**Entries shown:**
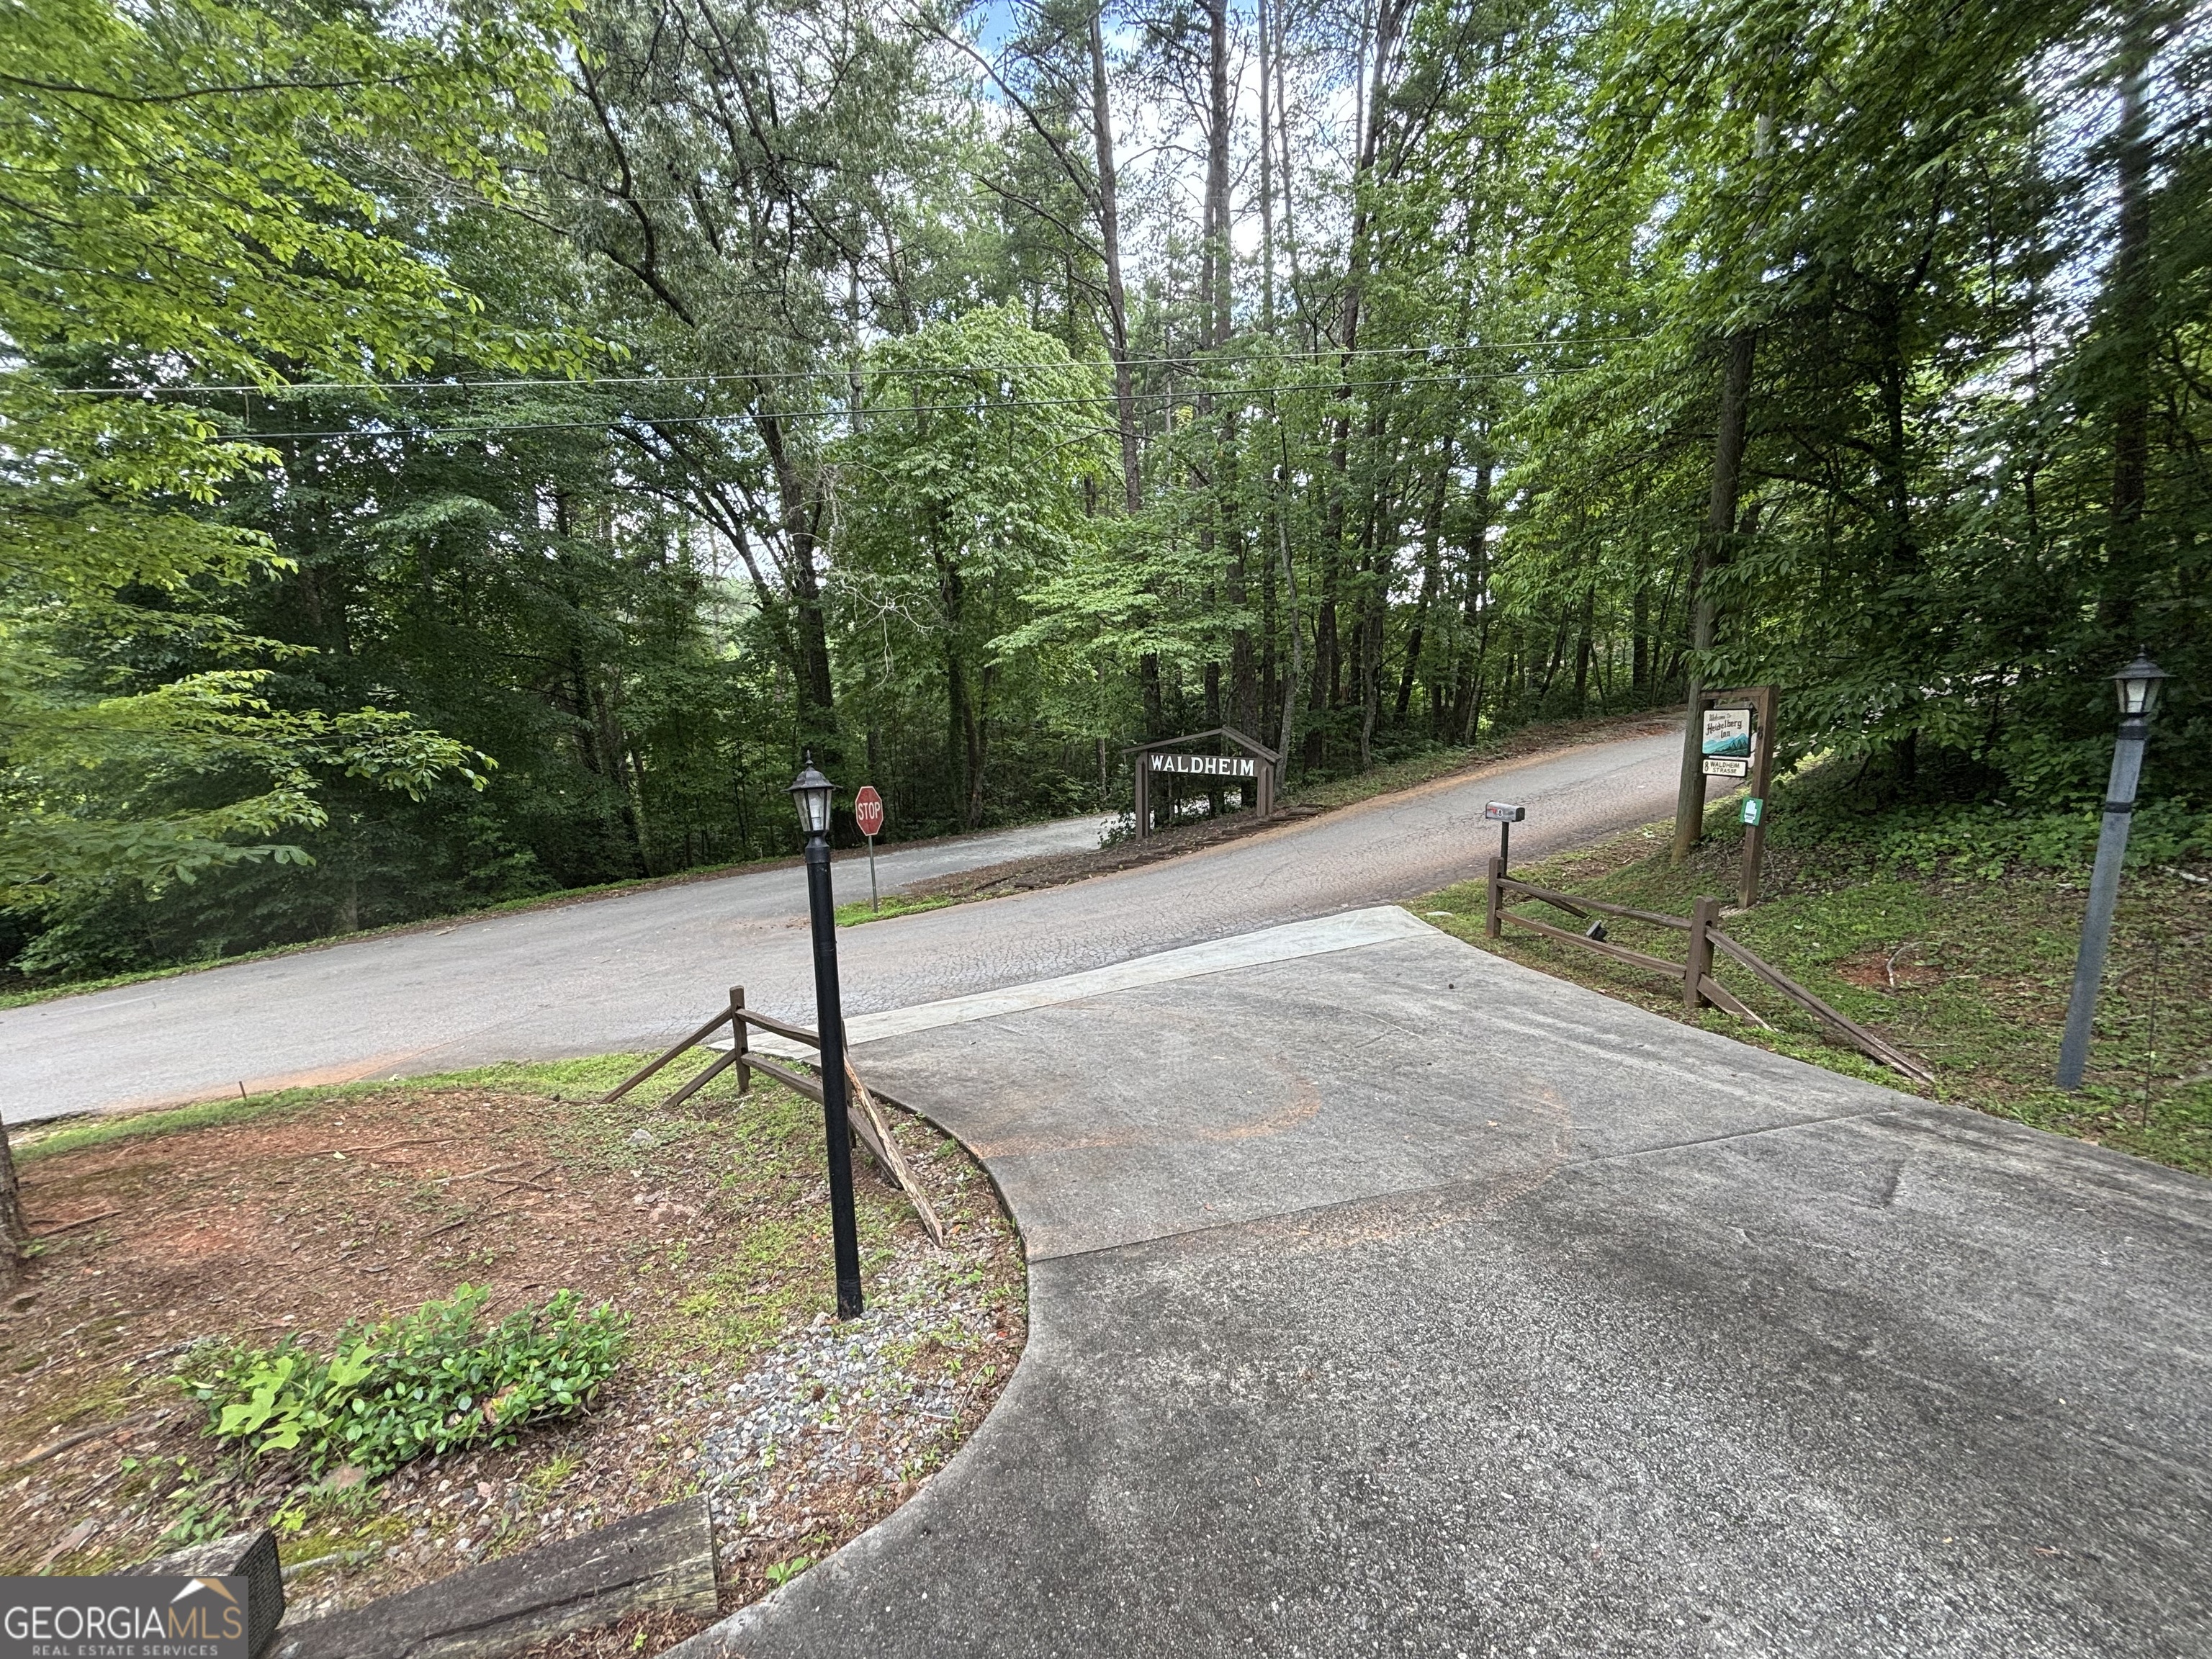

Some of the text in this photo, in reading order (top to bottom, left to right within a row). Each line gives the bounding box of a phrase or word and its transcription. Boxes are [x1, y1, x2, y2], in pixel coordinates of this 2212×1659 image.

[1706, 720, 1742, 736] Heidelberg
[1721, 730, 1731, 739] Inn
[1151, 755, 1254, 777] WALDHEIM
[1704, 761, 1709, 772] 8
[858, 801, 881, 821] STOP

**Task:**
Make an exact copy of the listing. Leave its pictures out.

**Output of the task:**
Some of the text in this photo, in reading order (top to bottom, left to right within a row). Each line gives the bounding box of a phrase or word and its transcription. Boxes are [x1, y1, x2, y2], in pixel coordinates of this 2212×1659 image.

[1706, 720, 1742, 736] Heidelberg
[1721, 730, 1731, 739] Inn
[1151, 755, 1254, 777] WALDHEIM
[1704, 761, 1709, 772] 8
[858, 801, 881, 821] STOP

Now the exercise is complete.